Stockholder Proposals for Inclusion in our 2011 Proxy Statement

Our stockholders may submit proposals on matters appropriate for stockholder action at meetings of our stockholders in accordance with Rule 14a-8 promulgated under the Exchange Act. For such proposals to be included in our proxy materials relating to the 2011 annual meeting of stockholders, all applicable requirements of Rule 14a-8 must be satisfied and such proposals must be received by us no later than                     , 2011. However, if our 2010 annual meeting of stockholders is not held between May 2, 2011 and July 1, 2011, then the deadline will be a reasonable time prior to the time we begin to print and mail our proxy materials. Such proposals should be submitted to our Corporate Secretary at Sunesis Pharmaceuticals, Inc., 395 Oyster Point Boulevard, Suite 400, South San Francisco, California 94080.

Our bylaws establish an advance notice procedure with regard to certain matters, including stockholder proposals, not included in our proxy statement, to be brought before an annual meeting of stockholders. In general, notice must be received in writing by our Corporate Secretary at Sunesis Pharmaceuticals, Inc., 395 Oyster Point Boulevard, Suite 400, South San Francisco, California 94080 not less than 120 days before the one year anniversary of the date on which we first mailed our proxy statement to stockholders in connection with the previous year’s annual meeting of stockholders and must contain specified information concerning the matters to be brought before such meeting and concerning the stockholder proposing such matters. Therefore, to be presented at our 2011 annual meeting, such a proposal must be received by us on or before                     , 2011. If the date of the annual meeting is before May 2, 2011 or after July 1, 2011, our Corporate Secretary must receive such notice no later than the close of business on the later of 120 calendar days in advance of such annual meeting and 10 calendar days following the date on which public announcement of the date of such meeting is first made. We also advise you to review our bylaws, which contain additional requirements about advance notice of stockholder proposals and director nominations. The chairman of the 2011 annual meeting of stockholders may determine, if the facts warrant, that a matter has not been properly brought before the meeting and, therefore, may not be considered at the meeting. In addition, if you do not also comply with the requirements of Regulation 14A under the Exchange Act, our management will have discretionary authority to vote all shares for which it has proxies in opposition to any such stockholder proposal or director nomination.

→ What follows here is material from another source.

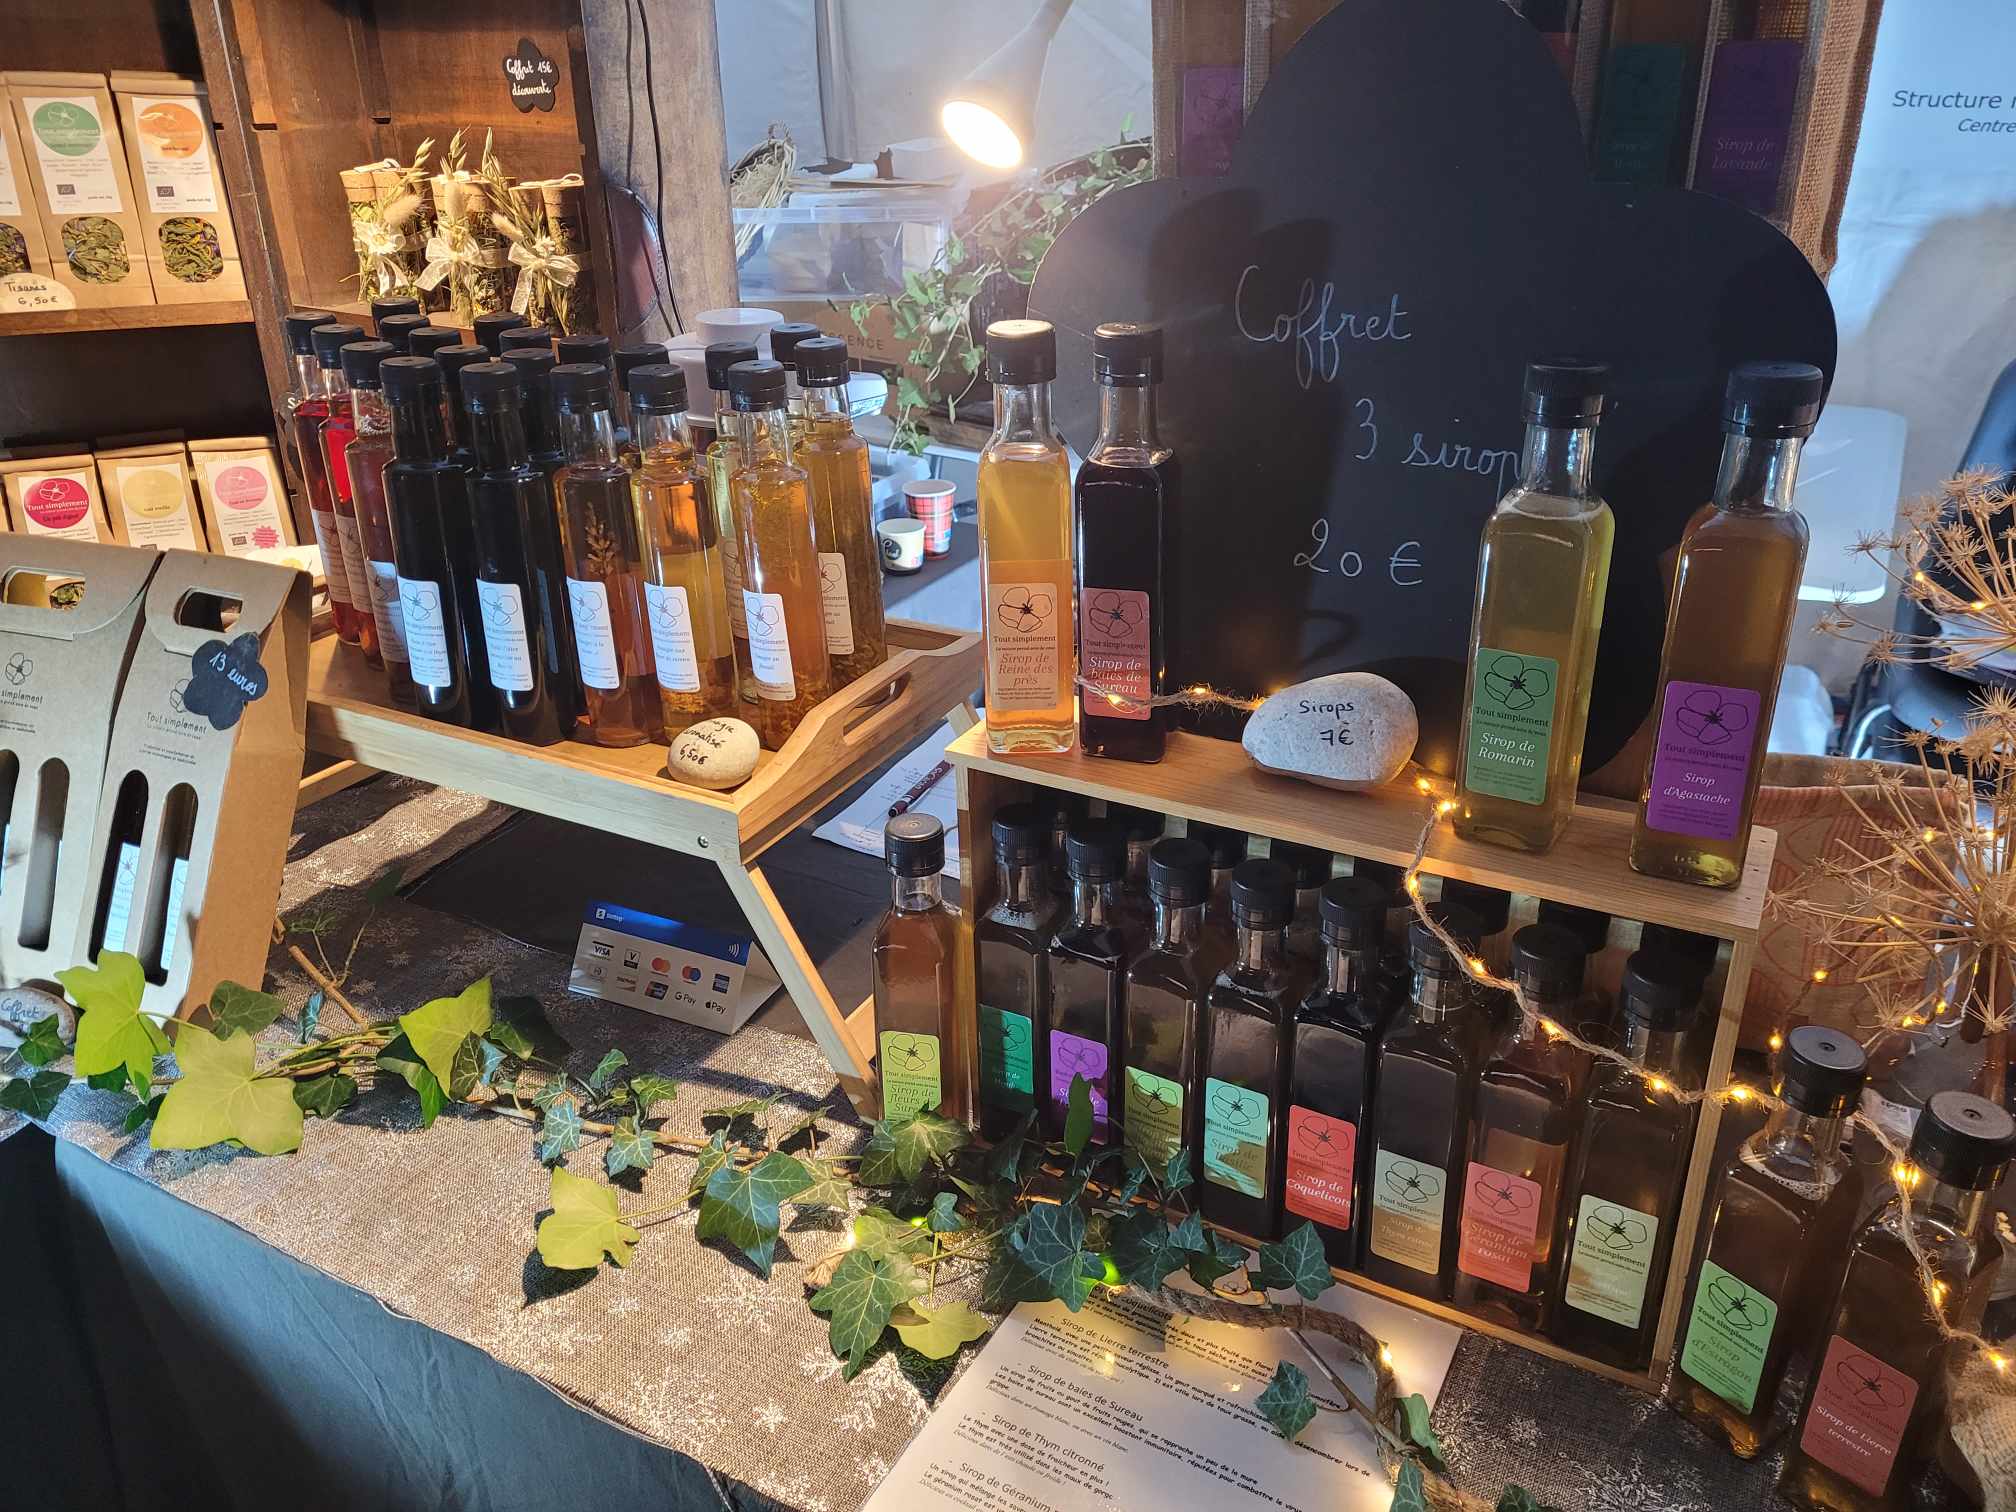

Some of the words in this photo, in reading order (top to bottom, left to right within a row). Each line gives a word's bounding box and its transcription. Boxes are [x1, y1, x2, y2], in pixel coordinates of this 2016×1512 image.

Householding of Proxy Materials

The SEC has adopted rules that permit companies and intermediaries (such as brokers) to satisfy the delivery requirements for proxy statements and annual reports with respect to two or more stockholders sharing the same address by delivering a single proxy statement addressed to those stockholders. This process, which is commonly referred to as “householding,” potentially means extra convenience for stockholders and cost savings for companies.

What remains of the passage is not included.